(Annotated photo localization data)
-*-

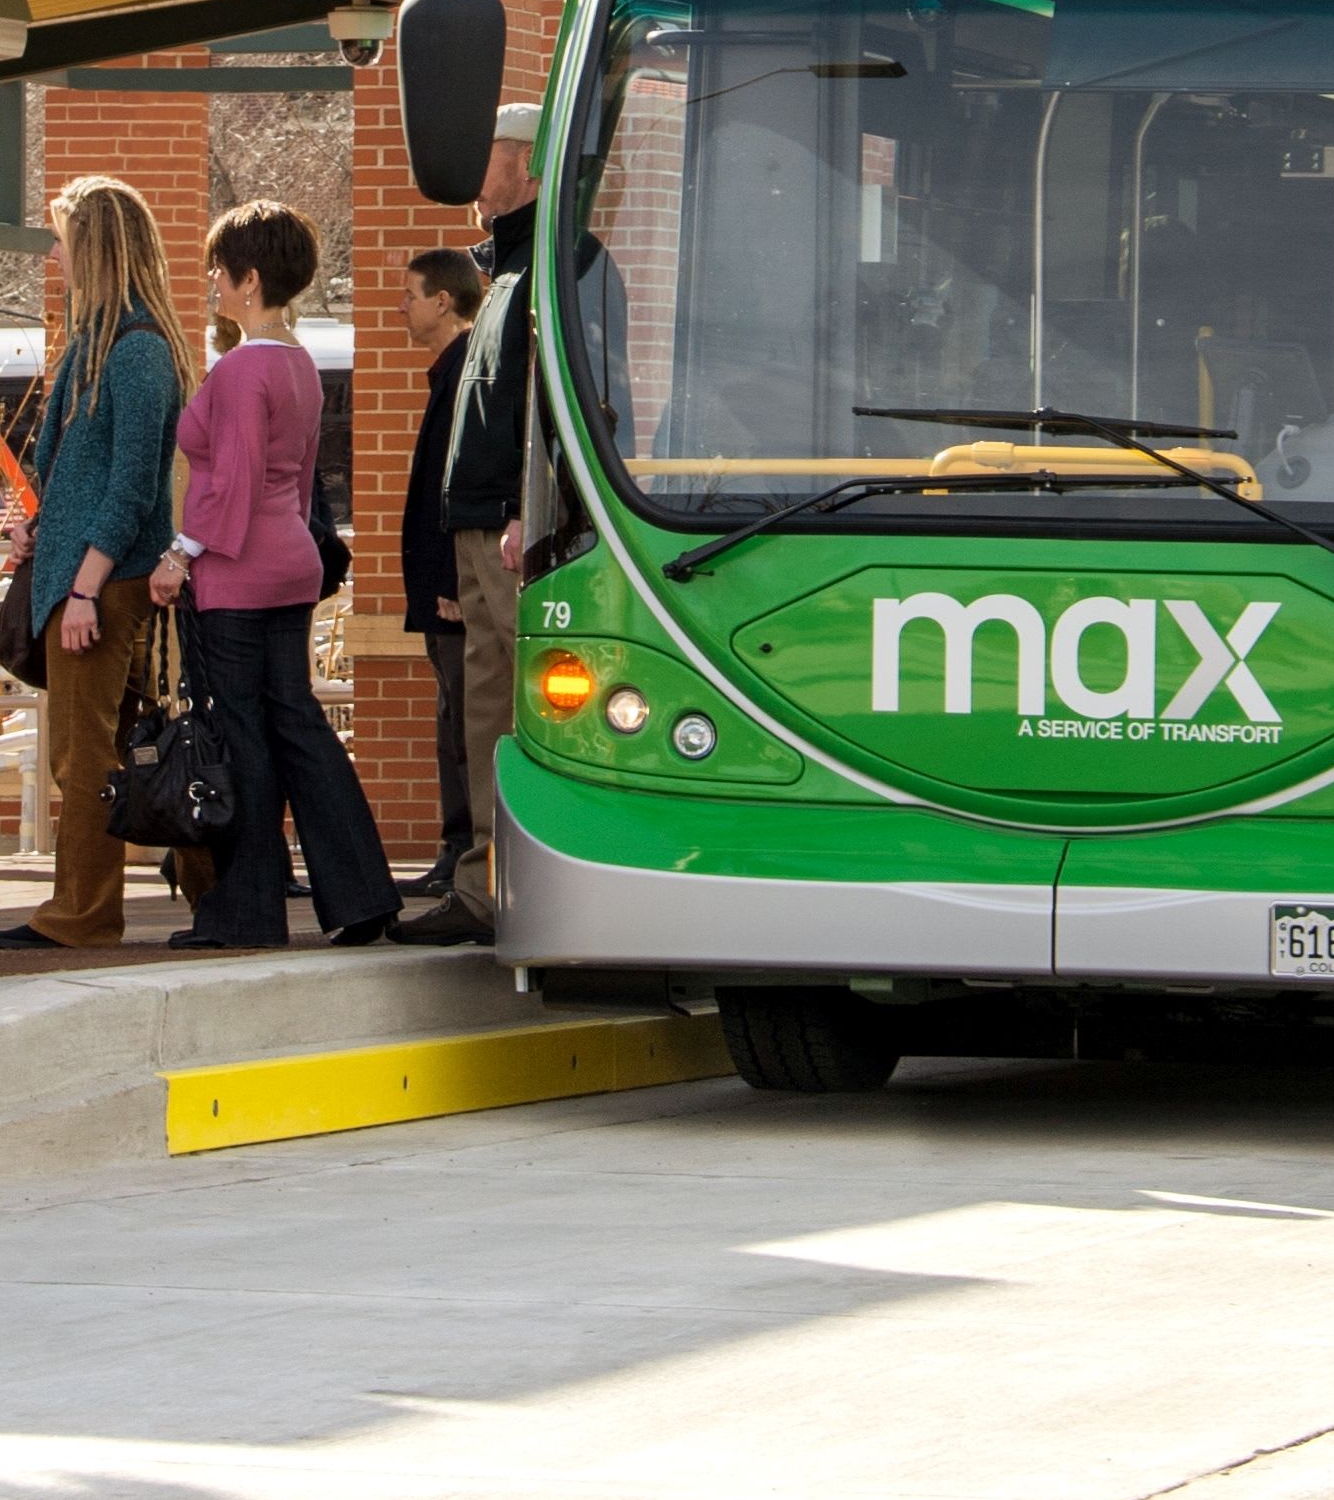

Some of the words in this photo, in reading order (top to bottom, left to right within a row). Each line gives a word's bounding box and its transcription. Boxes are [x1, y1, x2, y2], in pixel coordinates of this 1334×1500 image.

[542, 601, 571, 629] 79
[872, 592, 1283, 722] max
[1018, 719, 1033, 737] A
[1037, 719, 1124, 740] SERVICE
[1127, 722, 1156, 740] OF
[1159, 723, 1283, 744] TRANSFORT

-*-

Retype the entries verbatim and drop the pictures.

Some of the words in this photo, in reading order (top to bottom, left to right within a row). Each line gives a word's bounding box and its transcription. Boxes are [x1, y1, x2, y2], in pixel coordinates of this 1334×1500 image.

[542, 601, 571, 629] 79
[872, 592, 1283, 722] max
[1018, 719, 1033, 737] A
[1037, 719, 1124, 740] SERVICE
[1127, 722, 1156, 740] OF
[1159, 723, 1283, 744] TRANSFORT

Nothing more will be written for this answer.